Since the nineteenth century one has transferred the focus from rights to progress. Revolution is no more conceived as an instrument to establish the political organisms capable of annihilating tyranny and man’s oppression of man. Instead it becomes the means to accomplish economic and technological progress. The economic paradigm comes to stand out against the political one. Thus the economic dimension is given an ontometaphysical importance which comes to be the foundation upon which resistance is organized. One attached the new man’s creation to the resolution of economic problems: the redeemed, emancipated, free man–the master of nature and history. The economic reality thus receives a metaphysical importance–unknown and unacceptable to Western ethical-philosophical tradition.

It is important to consider such a perspective because the philosophies of history born in the nineteenth century– both the ones of the hegelian-marxist extraction, and the ones of the darwinian–relativize the problematic of rights and offer support to the idea according to which it is licit to sacrifice human beings provided that this sacrifice plays the functional role in the general process of Universal History.

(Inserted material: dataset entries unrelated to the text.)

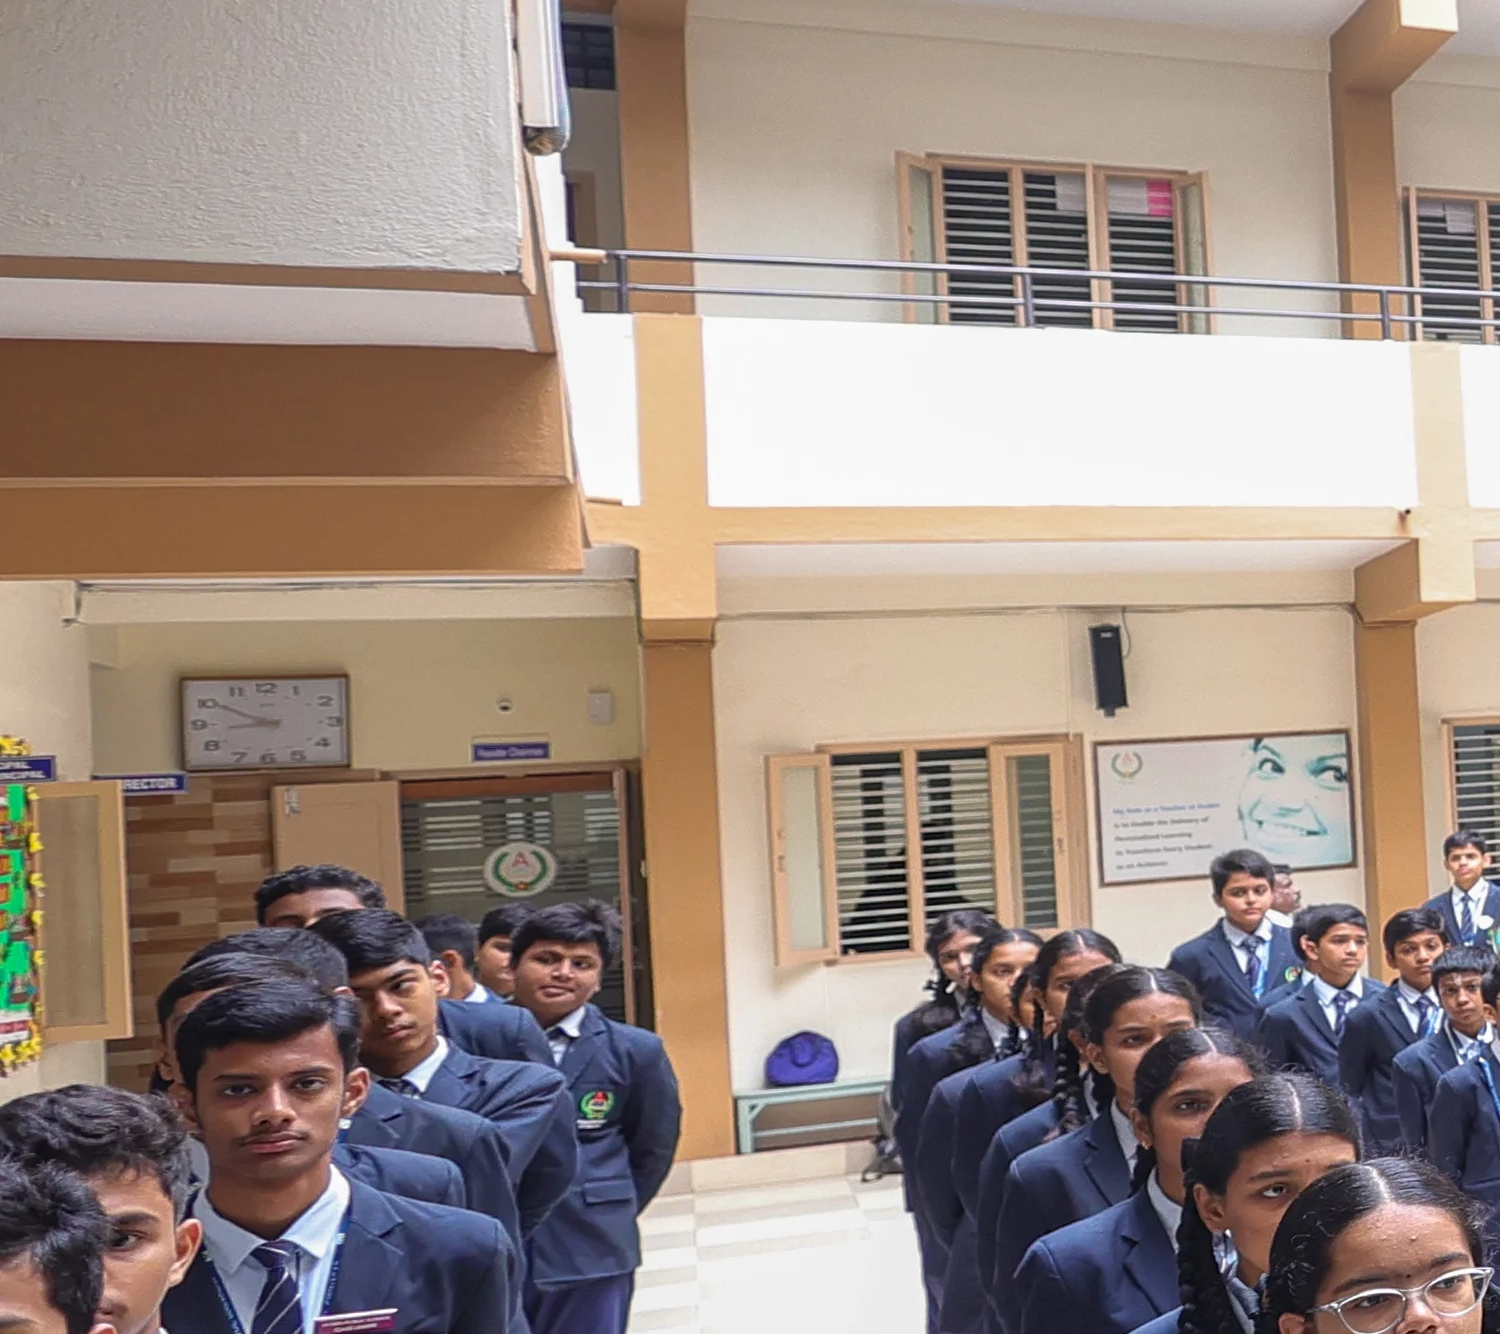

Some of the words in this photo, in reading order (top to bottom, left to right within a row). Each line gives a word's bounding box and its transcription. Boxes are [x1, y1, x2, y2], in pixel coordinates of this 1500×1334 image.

[229, 686, 245, 698] 11
[255, 682, 278, 694] 12
[197, 698, 219, 709] 10
[317, 695, 334, 708] 2
[190, 719, 208, 731] 9
[204, 739, 220, 752] 8
[314, 737, 331, 747] 4
[230, 751, 247, 763] 7
[259, 753, 277, 764] 6
[290, 750, 306, 762] 5
[124, 777, 178, 790] RECTOR

On behalf of mankind’s emancipation and progress, or of race purification, killing a few individuals or groups (e.g. ethnic ones) is justified. This is the beginning of an ordinary nowadays phenomenon: the banalization of evil, the relativization of violence. In conformity to this view, evil is an accident, as the whole gives a meaning to it. Human rights are not unalienatable anymore, but in such a way conditional that their sacrifice come to be normally justified in the name of the whole: class, nation, party, progress etc.

Thus we no longer have the idea of resistance attached to the realm of rights, but to the would-be force that is maybe stronger and more necessary than the power of oppressors. The trend of twentieth century resistance movements was their being attached to an economic or ethnic perspective pointing toward the horizon of destruction not only of oppression, but also of the directions imposed by economic backwardness. The universalization of progress was the warrant of freedom. Such a perspective corrupted not only the idea of resistance, but also the foundations of political life. Politics lost the meaning of human protection against violence and natural voracity. Reduced to the natural dimension, individual life is something futile, meaningless in itself. Allowing and protecting the arising of individualities, i.e. beings able to act freely, is the meaning of politics. Such a freedom declines when it is no longer the quintessence of political life and it is understood as a result of economy planning.

In this horizon we can insert the current crisis of State. The crisis in the political model based on the representation is intrinsically related to such an impossibility of politics as a domain where the community destinies are determined. The abstention, the passivity and the current political paralysis refer to this inexpressivity of politics and its representative organisms as instances which keep the effective power. State is no more the privileged place of domination. Statesmen have changed into mere managers of transnational interests. Everyday’s life has come to be affected by decisions that go far beyond both the national boundaries, and the traditional legal and political parameters. The invisibility of contemporary tyrants has been transformed into a great challenge to political organizations. The nowadays tyrant is no longer representable in State, nor is he in the majority of electors, and not in a class either. There is no specific institutional place anymore which can make domination substantial. There is a trend toward power virtualization that allows one to eliminate the power of citizens as concrete human beings. In the current practice of power, the place or the position loses importance for the skill of obtaining information and of influencing decisions. The power of media, of marketing and of statistics prove that very well.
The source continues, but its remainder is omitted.